Sur mon Mac j'utilise souvent l'app Aperçu (Preview) pour lire les PDF et j'en stocke dans le dossier iCloud attaché à cet app. (Comme on peut le faire pour Pages, Numbers, Keynote etc...)

A ce jour je n'ai pas trouvé d'app pour iPad/iPhone capable d'ouvrir ce dossier pour accéder à mes PDF partout. Quelqu'un aurait-il une idée?

Sachant que je ne veut pas utiliser Dropbox ou autres car j'ai tout dans iCloud et je ne veux pas en mettre partout. Je ne veux pas non plus passez par iTunes et iBook que je ne trouve pas du tout pratique pour la gestion et synchro des PDF.

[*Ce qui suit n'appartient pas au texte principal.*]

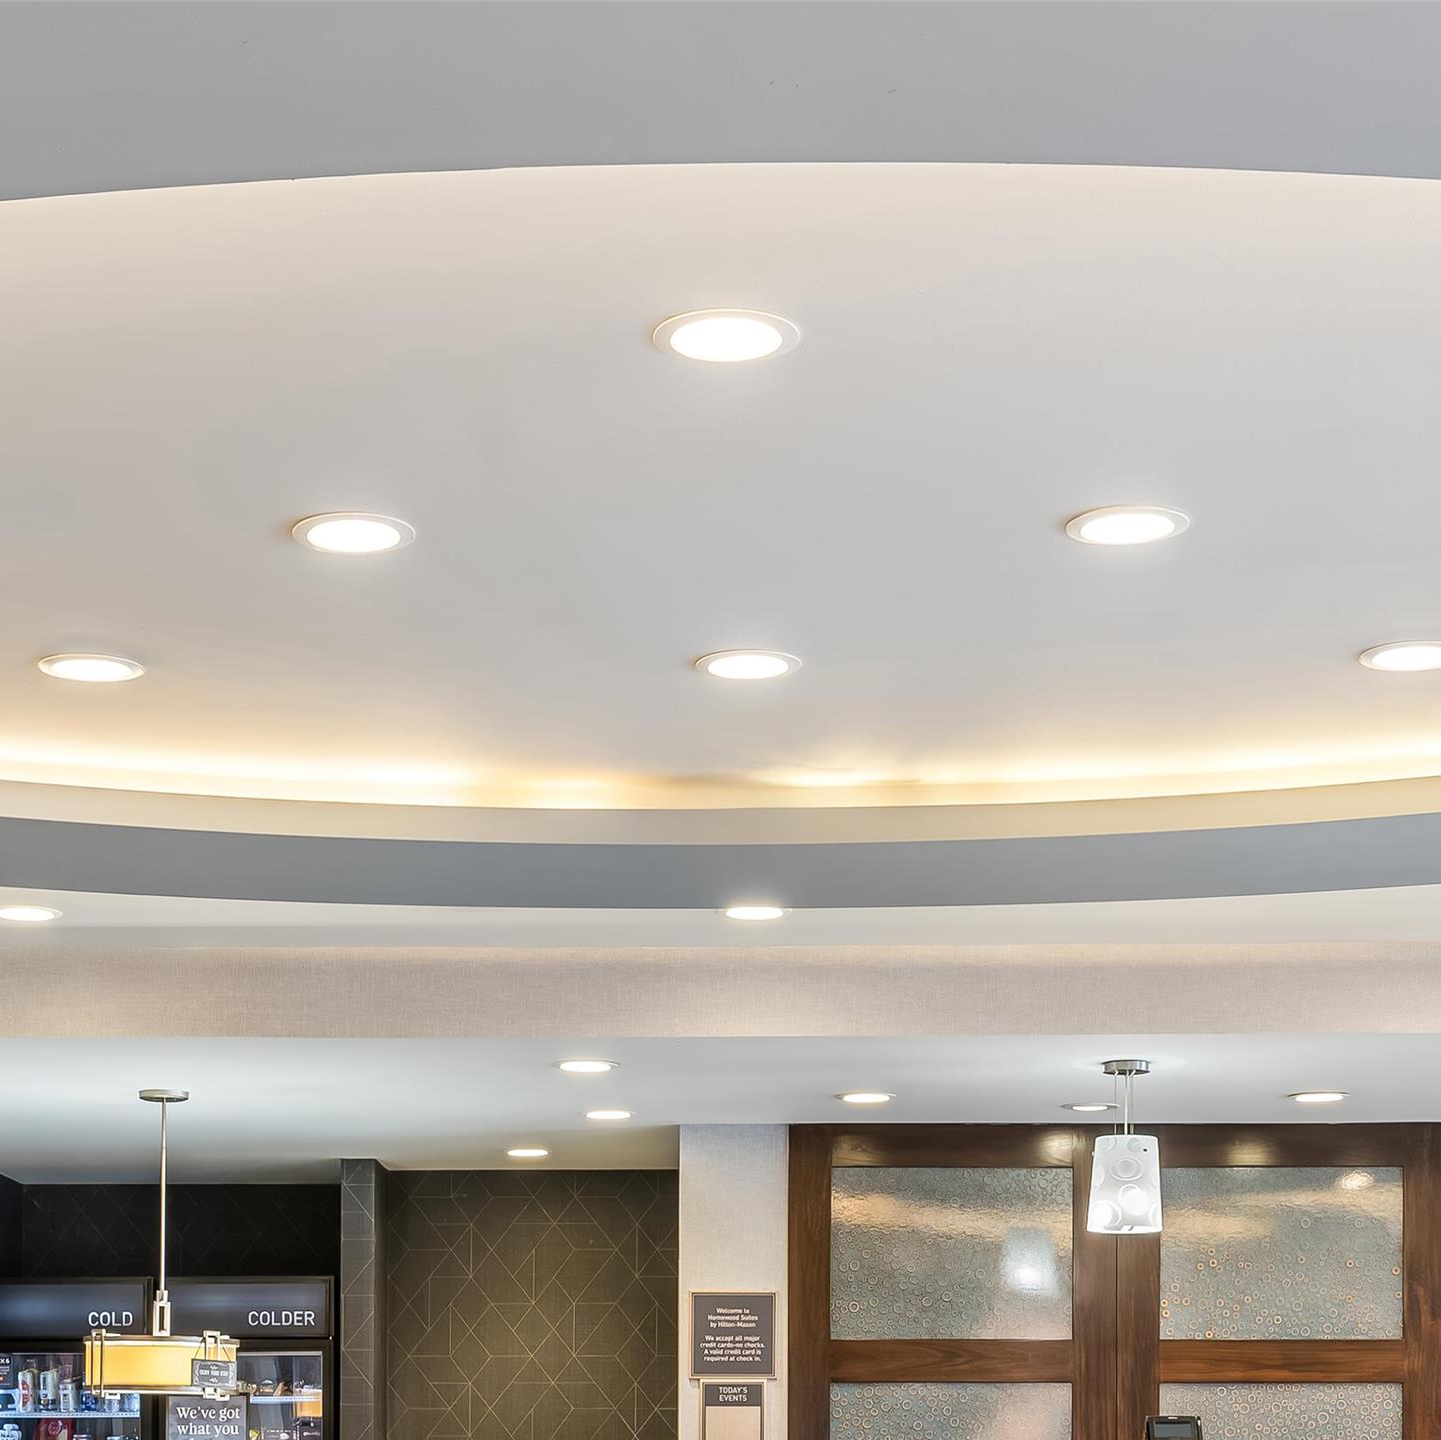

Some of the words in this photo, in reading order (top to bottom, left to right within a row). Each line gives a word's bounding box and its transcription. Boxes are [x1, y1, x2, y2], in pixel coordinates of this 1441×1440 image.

[88, 1312, 134, 1326] COLD
[248, 1311, 316, 1326] COLDER
[176, 1406, 216, 1419] We've
[219, 1407, 240, 1422] got
[177, 1423, 211, 1435] what
[214, 1424, 239, 1437] you

Il faudrait une app "Aperçu" sur iPad/Iphone! Je trouve surprenant qu'Apple n'ai pas pensé à adapter une app comme ils ont pu le faire pour leur suite bureautique!
Quelqu'un a t'il une idée d'App qui pourrait rendre ce service? 

Merci de votre aide à tous.

Adrien.


----------



## Deleted member 18124 (16 Décembre 2014)

Bonjour,

Il n'y a pas d'app livrée d'origine qui puisse lire les PDF stockés dans le dossier Aperçu d'iCloud Drive.

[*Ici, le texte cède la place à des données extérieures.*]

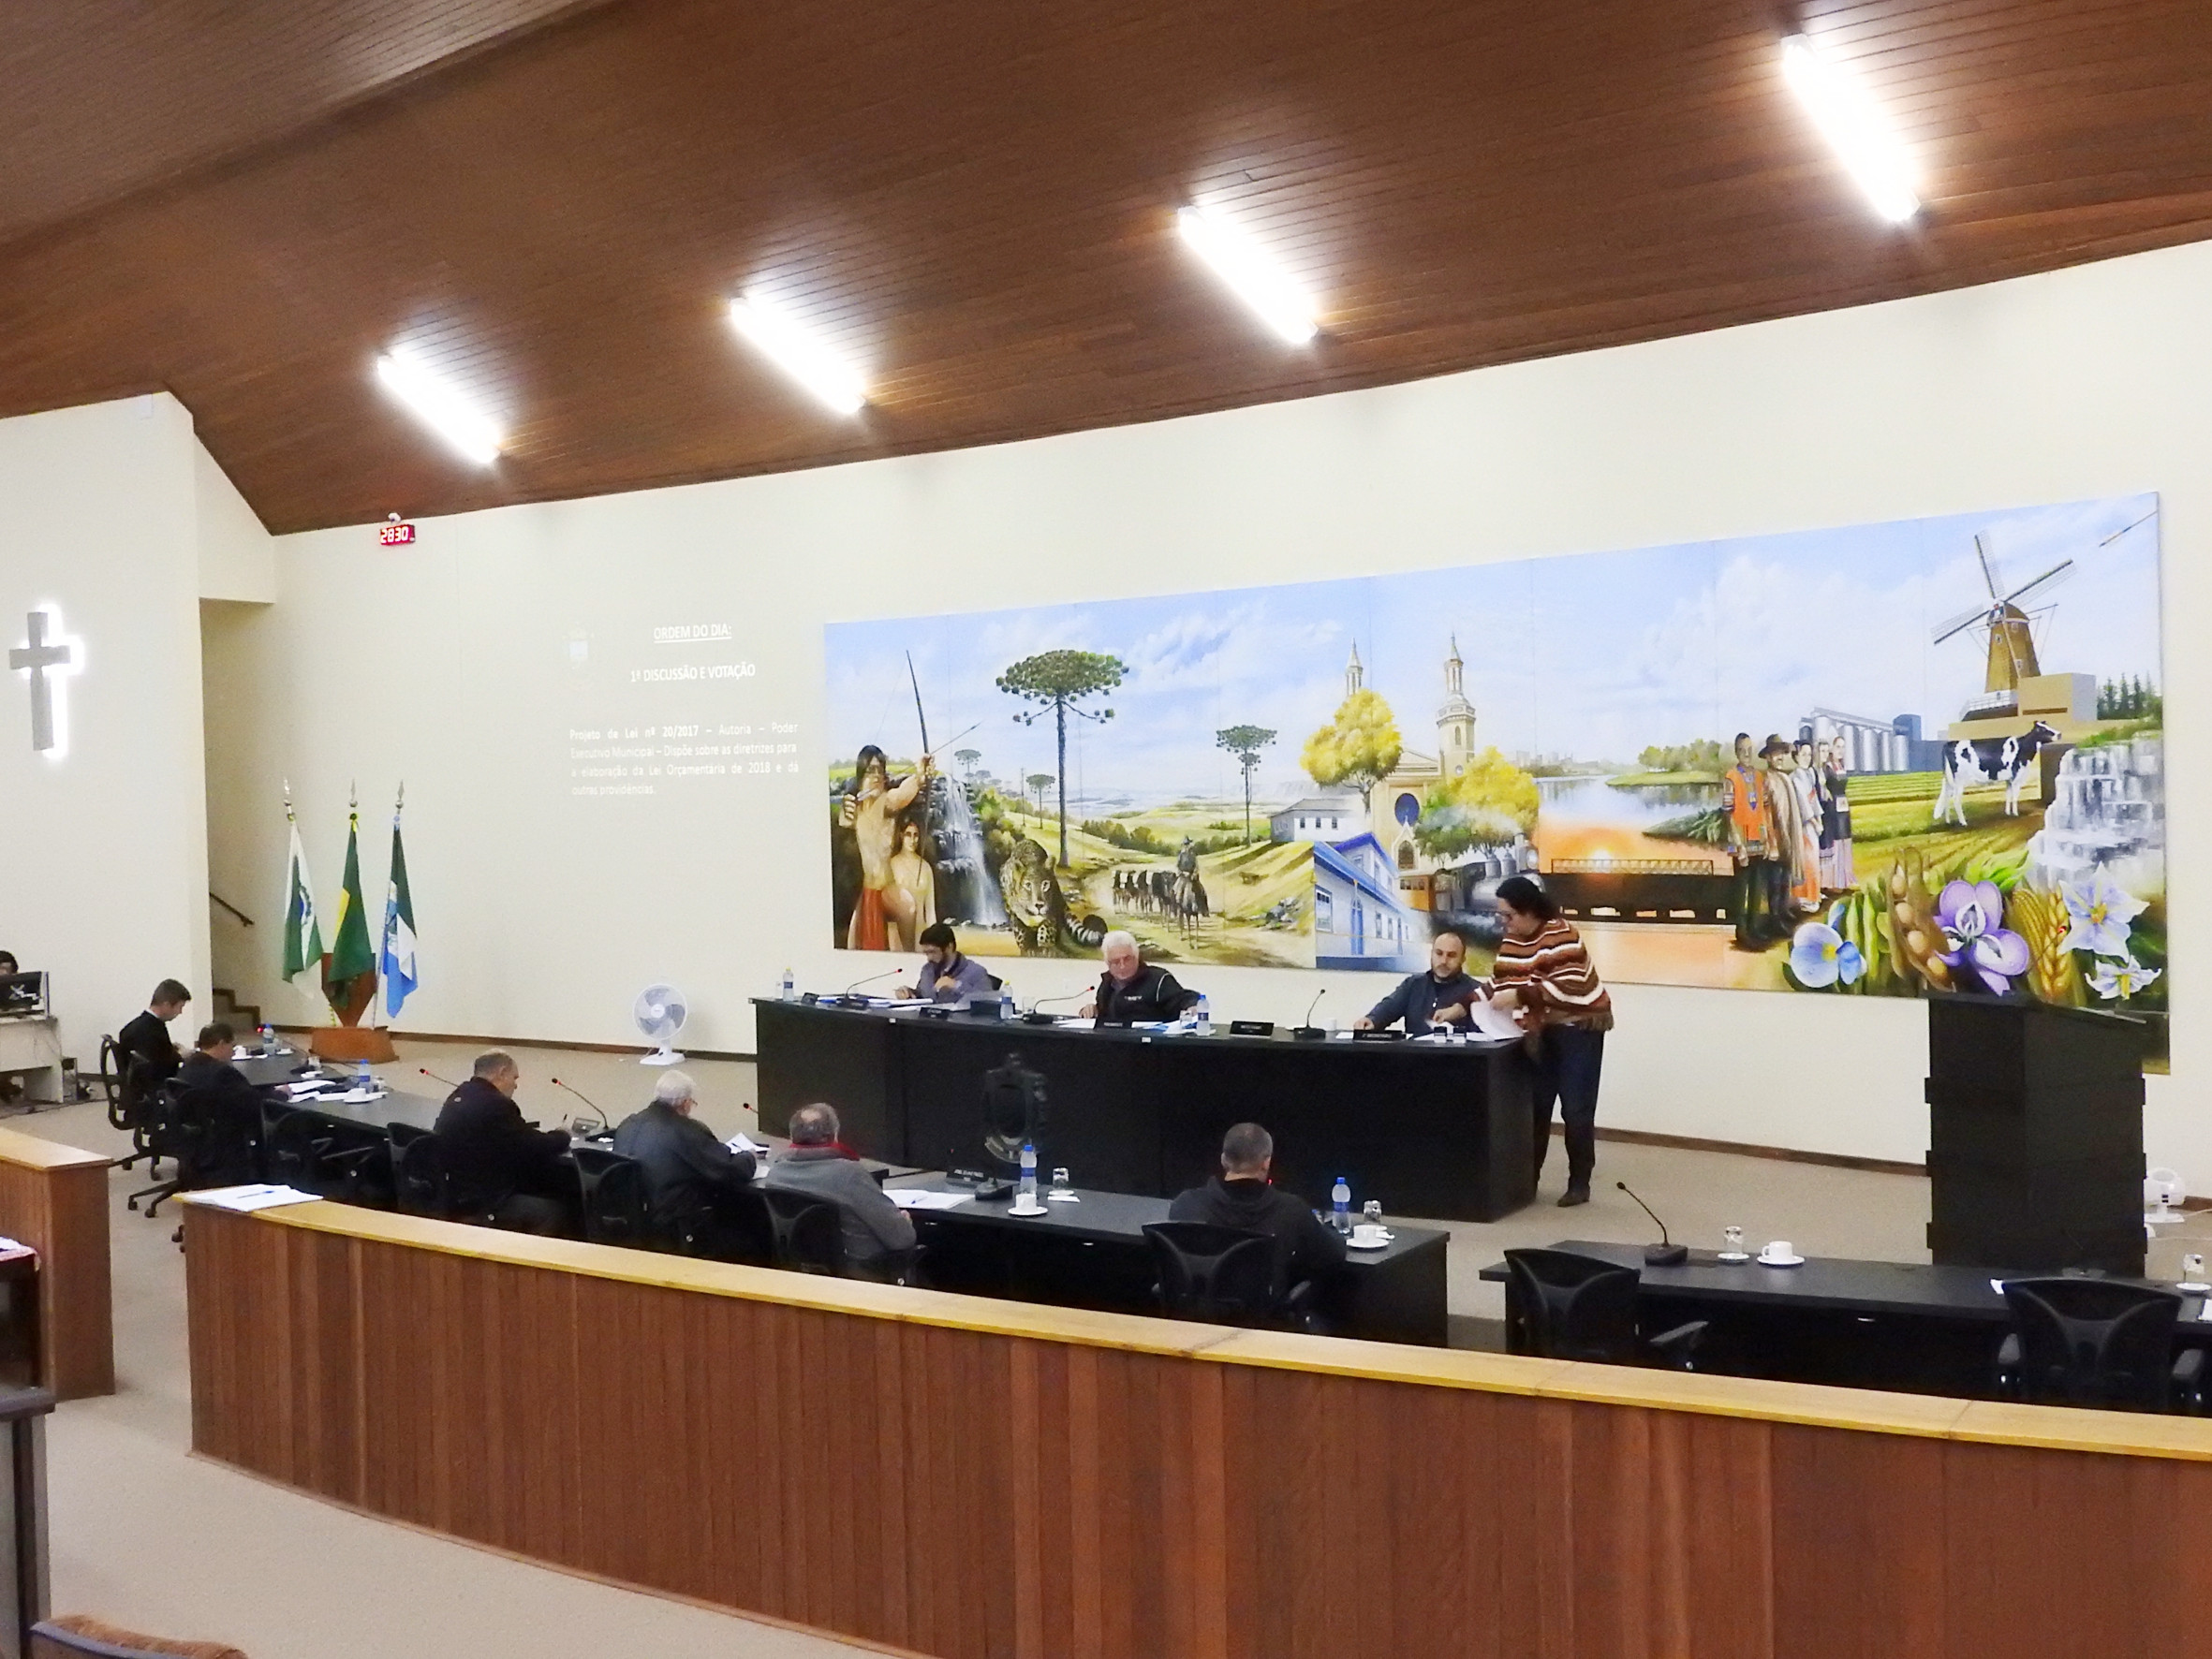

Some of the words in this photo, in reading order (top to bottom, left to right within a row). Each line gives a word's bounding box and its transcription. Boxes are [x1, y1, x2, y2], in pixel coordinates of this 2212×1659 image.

Il faut donc passer par une app tiers capable d'accéder au contenu d'iCloud Drive (Dropbox par exemple) pour les transférer ensuite dans iBooks.


----------



## a-d-r-i-e-n (16 Décembre 2014)

Merci de votre réponse mais ça fait trop de manip et trop de risques de perdre des fichiers entre les synchro...
J'aimerais vraiment trouvé une app iPhone/iPad qui fonctionnerait comme celles de Pages ou Numbers de façon à ne plus me soucier des problèmes de synchro, de ce qui est à jour ou non et sans utiliser autre chose qu'icloud. 

Je comprend pas qu'Apple n'ait pas penser à développer une app pour lire les pdf du dossier "Preview" d'iCloud drive. Si un développeur se sent le courage de s'y atteler je serais preneur! 

---------- Nouveau message ajouté à 23h13 ---------- Le message précédent a été envoyé à 23h05 ----------

j'ai peut être trouvé quelque chose. L'appli "Documents 5" semble etre un lecteur de PDF compatible avec iCloud Drive... je vais tester ça... À suivre...


----------



## Deleted member 18124 (17 Décembre 2014)

a-d-r-i-e-n a dit:


> Je comprend pas qu'Apple n'ait pas penser à développer une app pour lire les pdf du dossier "Preview" d'iCloud drive.



Si ça peut te rassurer, moi non plus, d'autant plus qu'il y avait un candidat tout trouvé : iBooks.

Ce sera peut-être pour iOS 9.


----------



## a-d-r-i-e-n (17 Décembre 2014)

Bon bah, j'ai trouvé quelque chose de pas trop mal finalement. "Documents 5" sur iPad et iPhone. Il ouvre tout document stocké sur des serveurs et même sur iCloud Drive. Je peux donc ouvrir directement les PDF que j'ai stocké dans le dossier "Aperçu" d'iCloud drive, les mettres a jour, les imprimer, etc... Pratique pour y avoir accès a la fois sur le Mac et sur l'iPad/iPhone sans avoir besoin de passer par Dropbox ou autres. 

Ça fera l'affaire en attendant qu'Apple se décide a faire une app un peu plus intégrée dans iOS ou une meilleure gestion des PDF dans iBooks. 

Merci de votre aide.


----------



## Deleted member 18124 (17 Décembre 2014)

a-d-r-i-e-n a dit:


> Bon bah, j'ai trouvé quelque chose de pas trop mal finalement. "Documents 5" sur iPad et iPhone. Il ouvre tout document stocké sur des serveurs et même sur iCloud Drive. Je peux donc ouvrir directement les PDF que j'ai stocké dans le dossier "Aperçu" d'iCloud drive, les mettres a jour, les imprimer, etc... Pratique pour y avoir accès a la fois sur le Mac et sur l'iPad/iPhone sans avoir besoin de passer par Dropbox ou autres.
> 
> Ça fera l'affaire en attendant qu'Apple se décide a faire une app un peu plus intégrée dans iOS ou une meilleure gestion des PDF dans iBooks.
> 
> Merci de votre aide.



Oui, effectivement Documents 5 n'est pas trop mal.


----------